Yours in solidarity,
Tite
P.S. A longtime friend was complimenting me on my newsletter writing and humorously offered, “Remember, a message from the Head of the Club is better than a Club to the Head!” I know you will all take my urgings to heart as we strive to make the Club a Better Place for All Members.
Merlin held the newsletter in disbelief and felt the blood drain to both of his supersize feet. He wondered what would be next. Maybe this was evidence that the
energy vortex of Houston was indeed spinning more tightly and rapidly than in times past. He wanted to consult his instruments, tables, programs, and website references, but sleepiness overtook him like a freight train, and he barely had time to get undressed before it took him to a land where no institutional overlords dictated what he could wear or read or constrain how he conducted his person through his days and weeks in the spinning energy vortex that whirled over his hometown.

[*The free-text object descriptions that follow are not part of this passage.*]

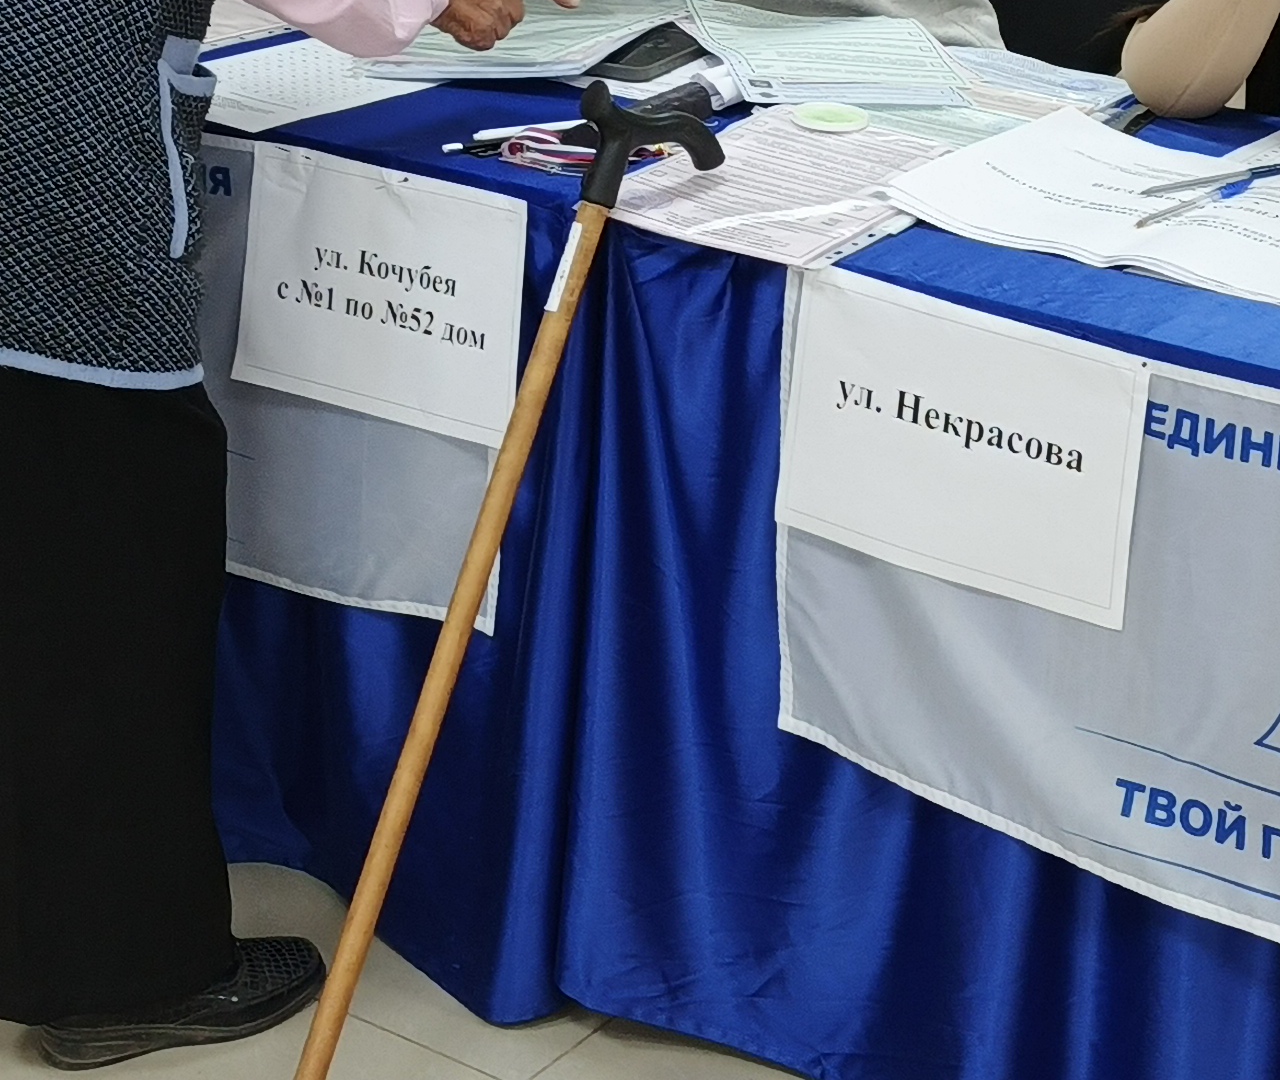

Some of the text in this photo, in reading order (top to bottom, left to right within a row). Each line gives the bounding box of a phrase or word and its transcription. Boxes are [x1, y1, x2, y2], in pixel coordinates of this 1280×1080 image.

[314, 245, 458, 298] ул. Кочубея
[276, 278, 486, 351] с №1 по №52 дом
[835, 379, 1085, 474] ул. Некрасова
[1115, 777, 1249, 853] ТВОЙ
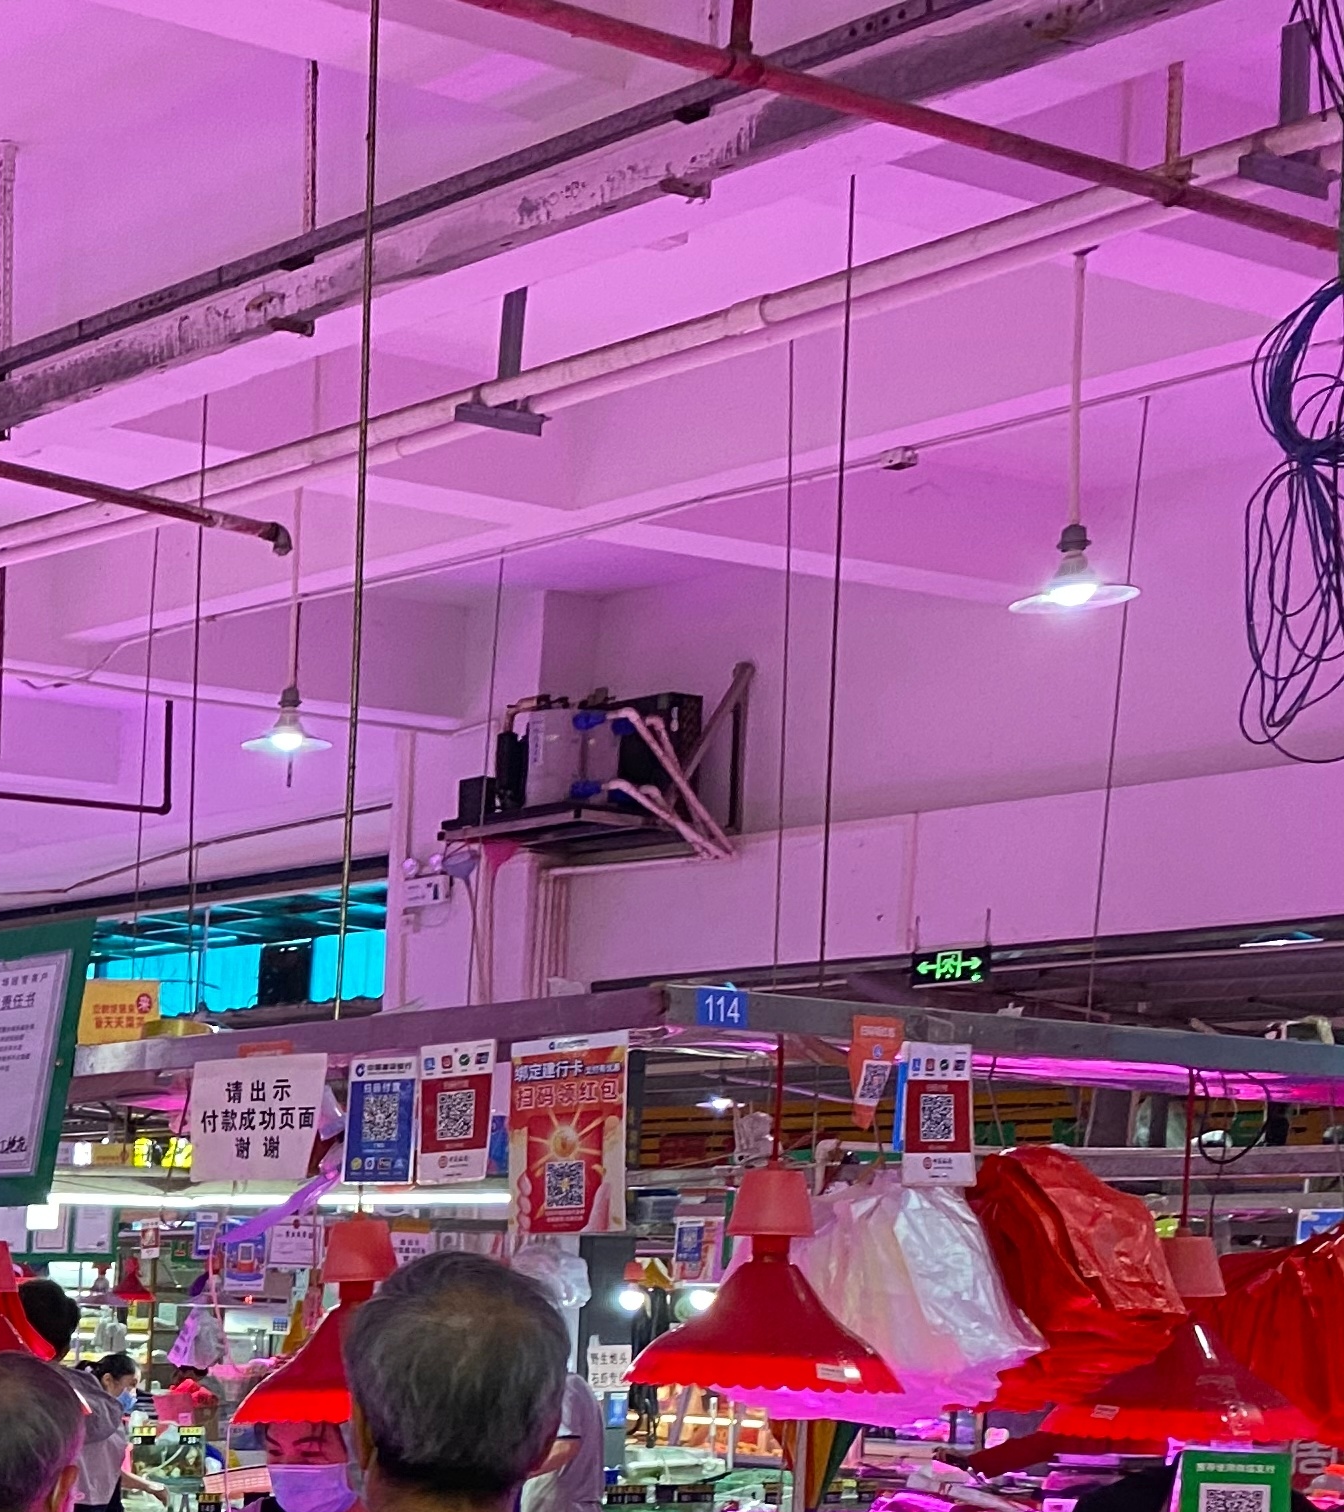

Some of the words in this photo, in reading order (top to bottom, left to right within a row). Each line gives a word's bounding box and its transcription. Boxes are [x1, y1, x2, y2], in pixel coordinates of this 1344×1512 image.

In another part of the neighborhood, Mac Swearingen, M.D., was reading the same newly arrived missive. As he finished, he let out a sigh of untempered anguish along with several shakes of his freckled head. “What in the sam hill is the world coming to?” he thought. Resigned that the ancien régime had been thoroughly vanquished, he reminisced about the days when the club had a comfortable, family-oriented atmosphere—always nice, but a family place with genuine connections of friendship and kinship. Now it seemed the old guard was being systematically overthrown by an invasive species of nouveau riche peacocks and generously compensated corporate robots.
He thought back to his own youth at the club—the smell of cigar smoke at the first-hole tee box, the worn leather chairs in the grill, and the families together with kids and grandkids running around like the place was a giant family room, which it basically was. It had become progressively quiet, and he wasn’t sure, but he thought he discerned fear or at least uncertainty in the eyes of some of the longstanding employees the last couple of times he had been there. He pursed his lips and shook his head again.